The body was none of his concern, and neither was the stiltstalker. Cassowar was curious though. Few travelled the roads alone. A broken spear lay on the ground nearby but a single spear wasn’t enough out here. That meant the man had either been a desperate nobody, or had a well charged soul cell that he expected would have saved him. The minimal risk to find out which it had been was worth the potential reward.

Cassowar took a step forward. The faint squelch of his boot pressing into the spongy earth was the only sound. Noise, just like everything else, was consumed by the damp rot. He carried no weapons. He didn’t need to. Cassowar was a weapon, just as he had been trained to be from his earliest memories.

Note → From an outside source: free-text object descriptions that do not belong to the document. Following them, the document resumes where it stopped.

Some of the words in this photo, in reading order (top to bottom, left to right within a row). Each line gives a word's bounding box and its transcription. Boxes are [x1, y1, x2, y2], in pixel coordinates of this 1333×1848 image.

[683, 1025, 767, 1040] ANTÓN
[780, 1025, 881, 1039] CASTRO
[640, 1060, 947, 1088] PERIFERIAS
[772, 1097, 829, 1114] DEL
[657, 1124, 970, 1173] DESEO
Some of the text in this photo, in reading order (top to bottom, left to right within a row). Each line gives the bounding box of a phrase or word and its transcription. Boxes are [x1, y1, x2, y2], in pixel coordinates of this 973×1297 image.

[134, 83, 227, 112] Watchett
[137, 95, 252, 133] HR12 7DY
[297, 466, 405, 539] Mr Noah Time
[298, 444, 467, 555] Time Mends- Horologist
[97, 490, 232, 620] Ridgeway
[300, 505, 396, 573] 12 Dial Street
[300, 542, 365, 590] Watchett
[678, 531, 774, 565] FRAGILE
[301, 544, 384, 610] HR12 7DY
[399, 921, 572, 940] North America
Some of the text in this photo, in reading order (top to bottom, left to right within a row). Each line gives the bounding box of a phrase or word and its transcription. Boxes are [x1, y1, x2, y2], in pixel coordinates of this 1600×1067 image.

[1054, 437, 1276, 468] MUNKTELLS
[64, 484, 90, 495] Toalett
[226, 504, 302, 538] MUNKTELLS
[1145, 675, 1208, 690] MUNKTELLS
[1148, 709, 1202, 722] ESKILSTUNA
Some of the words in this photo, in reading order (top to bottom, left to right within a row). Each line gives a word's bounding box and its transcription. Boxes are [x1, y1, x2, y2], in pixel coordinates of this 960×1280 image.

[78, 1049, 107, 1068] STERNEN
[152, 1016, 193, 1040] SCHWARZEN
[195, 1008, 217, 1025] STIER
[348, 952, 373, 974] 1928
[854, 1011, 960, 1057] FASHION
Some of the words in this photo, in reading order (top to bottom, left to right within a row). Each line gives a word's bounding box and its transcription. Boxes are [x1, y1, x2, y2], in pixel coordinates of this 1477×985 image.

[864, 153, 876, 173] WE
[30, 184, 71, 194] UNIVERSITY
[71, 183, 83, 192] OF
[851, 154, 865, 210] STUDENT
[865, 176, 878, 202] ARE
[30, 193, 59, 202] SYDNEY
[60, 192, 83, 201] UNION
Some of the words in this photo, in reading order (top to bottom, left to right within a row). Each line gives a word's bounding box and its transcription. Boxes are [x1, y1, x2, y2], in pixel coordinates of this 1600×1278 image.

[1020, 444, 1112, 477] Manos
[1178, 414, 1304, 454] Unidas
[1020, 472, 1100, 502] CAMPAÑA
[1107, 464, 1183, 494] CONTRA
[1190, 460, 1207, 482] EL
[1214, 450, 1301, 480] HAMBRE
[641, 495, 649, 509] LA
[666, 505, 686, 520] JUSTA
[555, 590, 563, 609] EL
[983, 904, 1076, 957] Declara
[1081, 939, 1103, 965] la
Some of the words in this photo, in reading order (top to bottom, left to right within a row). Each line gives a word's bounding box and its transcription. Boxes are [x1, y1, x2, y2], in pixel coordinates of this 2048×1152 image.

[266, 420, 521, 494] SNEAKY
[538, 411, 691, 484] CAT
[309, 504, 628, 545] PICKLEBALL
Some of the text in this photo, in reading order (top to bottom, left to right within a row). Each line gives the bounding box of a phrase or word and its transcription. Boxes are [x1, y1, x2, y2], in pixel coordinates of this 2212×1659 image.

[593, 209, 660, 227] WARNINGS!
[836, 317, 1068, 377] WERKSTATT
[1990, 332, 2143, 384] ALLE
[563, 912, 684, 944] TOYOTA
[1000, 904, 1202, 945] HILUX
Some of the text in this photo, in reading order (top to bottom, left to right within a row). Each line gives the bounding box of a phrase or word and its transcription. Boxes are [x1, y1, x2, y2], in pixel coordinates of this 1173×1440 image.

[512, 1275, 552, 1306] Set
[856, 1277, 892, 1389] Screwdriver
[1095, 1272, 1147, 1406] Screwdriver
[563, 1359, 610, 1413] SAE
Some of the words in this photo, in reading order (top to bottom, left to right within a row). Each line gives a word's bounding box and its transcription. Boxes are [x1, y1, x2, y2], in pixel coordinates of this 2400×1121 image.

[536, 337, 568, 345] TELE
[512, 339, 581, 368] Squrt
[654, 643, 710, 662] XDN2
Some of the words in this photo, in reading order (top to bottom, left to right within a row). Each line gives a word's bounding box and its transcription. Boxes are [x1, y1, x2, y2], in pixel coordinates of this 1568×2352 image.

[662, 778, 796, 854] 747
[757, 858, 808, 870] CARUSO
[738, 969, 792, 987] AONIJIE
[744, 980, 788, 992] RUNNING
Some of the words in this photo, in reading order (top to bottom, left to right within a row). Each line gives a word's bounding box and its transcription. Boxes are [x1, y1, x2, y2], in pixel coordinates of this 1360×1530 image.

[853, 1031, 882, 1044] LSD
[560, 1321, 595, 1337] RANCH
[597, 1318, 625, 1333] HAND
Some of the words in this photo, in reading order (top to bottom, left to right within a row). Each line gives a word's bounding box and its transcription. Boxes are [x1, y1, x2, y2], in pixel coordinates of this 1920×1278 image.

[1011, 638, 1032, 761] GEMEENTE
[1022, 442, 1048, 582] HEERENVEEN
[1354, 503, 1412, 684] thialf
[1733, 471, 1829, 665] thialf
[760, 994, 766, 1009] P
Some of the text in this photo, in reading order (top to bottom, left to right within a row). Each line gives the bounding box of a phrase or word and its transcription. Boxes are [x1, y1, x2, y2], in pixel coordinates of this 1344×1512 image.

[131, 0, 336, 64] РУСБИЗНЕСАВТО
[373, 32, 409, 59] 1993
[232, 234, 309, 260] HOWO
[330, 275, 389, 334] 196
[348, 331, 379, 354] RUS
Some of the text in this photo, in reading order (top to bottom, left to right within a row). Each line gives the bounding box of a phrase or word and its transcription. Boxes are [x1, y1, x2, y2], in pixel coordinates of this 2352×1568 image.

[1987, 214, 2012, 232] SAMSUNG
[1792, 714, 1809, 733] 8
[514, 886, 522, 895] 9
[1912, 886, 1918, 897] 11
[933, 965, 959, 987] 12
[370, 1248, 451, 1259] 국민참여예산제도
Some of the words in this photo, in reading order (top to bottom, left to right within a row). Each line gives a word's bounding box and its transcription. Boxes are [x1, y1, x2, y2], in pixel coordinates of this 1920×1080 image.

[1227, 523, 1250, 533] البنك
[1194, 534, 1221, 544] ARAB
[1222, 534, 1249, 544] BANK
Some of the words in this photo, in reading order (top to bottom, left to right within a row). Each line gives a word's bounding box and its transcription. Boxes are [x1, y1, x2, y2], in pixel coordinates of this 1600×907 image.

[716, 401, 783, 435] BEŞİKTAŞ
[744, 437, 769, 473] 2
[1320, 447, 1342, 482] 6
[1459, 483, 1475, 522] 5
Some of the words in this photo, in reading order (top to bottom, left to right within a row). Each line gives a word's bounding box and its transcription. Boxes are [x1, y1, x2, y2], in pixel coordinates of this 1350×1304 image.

He approached the closest leg of the creature, careful to stay outside of the ring of limbs, and placed a hand on the cold surface. From touch alone it was near impossible to feel any difference from an unassuming fungus, but Cassowar felt the faintest ripple of anticipation flutter through the stalk. 

Life and death was mostly a matter of mathematics. His earliest instructor had taught him to see everything as a series of equations. Knowledge is power. Though Cassowar knew that knowledge without practice and physical alteration still meant little in the grand scheme of things. 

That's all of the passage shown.